=== Aim of the exercise ===
If a record contains a picture, skip the picture and transcribe the rest exactly.

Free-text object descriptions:
————————

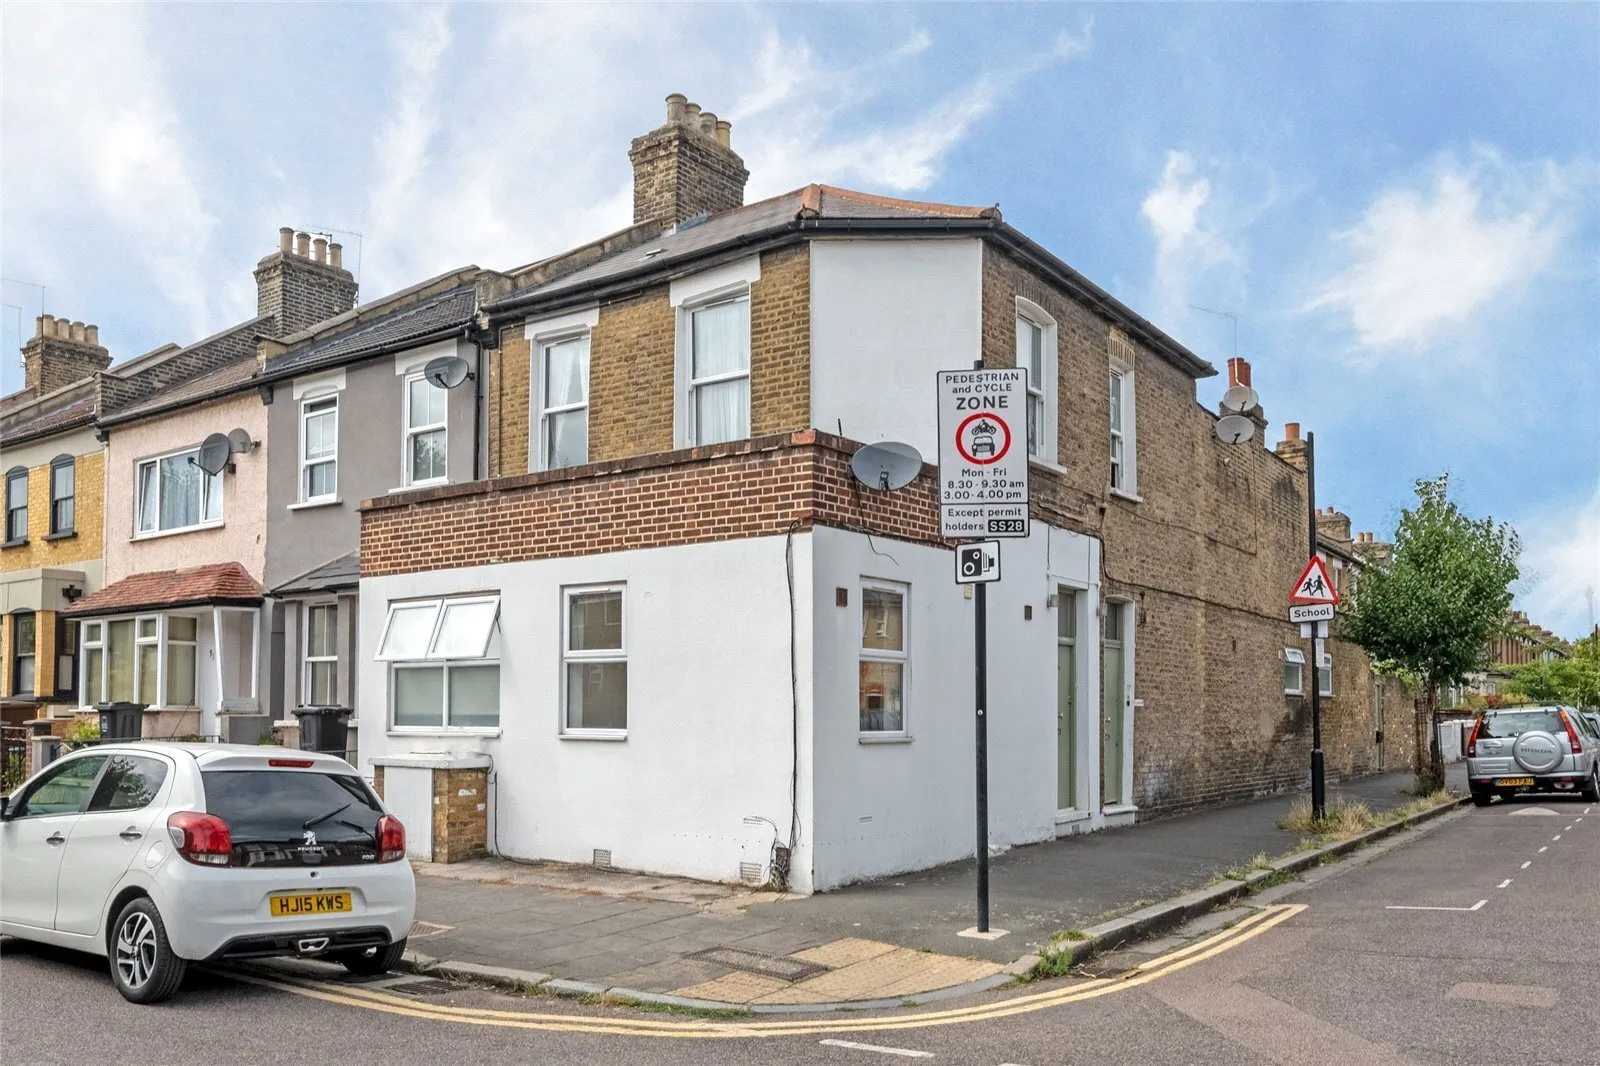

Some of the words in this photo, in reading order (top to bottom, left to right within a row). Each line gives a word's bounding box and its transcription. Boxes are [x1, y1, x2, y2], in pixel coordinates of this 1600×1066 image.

[945, 372, 1019, 384] PEDESTRIAN
[952, 385, 971, 394] and
[975, 383, 1012, 393] CYCLE
[956, 395, 1009, 410] ZONE
[961, 468, 984, 477] Mon
[993, 467, 1007, 476] Fri
[947, 480, 973, 489] 8.30
[981, 479, 1007, 488] 9.30
[1009, 480, 1025, 488] am
[944, 490, 970, 500] 3.00
[976, 489, 1004, 499] 4.00
[1006, 491, 1022, 499] pm
[948, 508, 984, 518] Except
[988, 507, 1022, 517] permit
[945, 522, 984, 531] holders
[989, 520, 1023, 532] SS28
[1294, 607, 1330, 618] School
[280, 897, 313, 913] HJ15
[316, 895, 344, 911] KWS

————————

=== Answer for this exercise ===
Some of the words in this photo, in reading order (top to bottom, left to right within a row). Each line gives a word's bounding box and its transcription. Boxes are [x1, y1, x2, y2], in pixel coordinates of this 1600×1066 image.

[945, 372, 1019, 384] PEDESTRIAN
[952, 385, 971, 394] and
[975, 383, 1012, 393] CYCLE
[956, 395, 1009, 410] ZONE
[961, 468, 984, 477] Mon
[993, 467, 1007, 476] Fri
[947, 480, 973, 489] 8.30
[981, 479, 1007, 488] 9.30
[1009, 480, 1025, 488] am
[944, 490, 970, 500] 3.00
[976, 489, 1004, 499] 4.00
[1006, 491, 1022, 499] pm
[948, 508, 984, 518] Except
[988, 507, 1022, 517] permit
[945, 522, 984, 531] holders
[989, 520, 1023, 532] SS28
[1294, 607, 1330, 618] School
[280, 897, 313, 913] HJ15
[316, 895, 344, 911] KWS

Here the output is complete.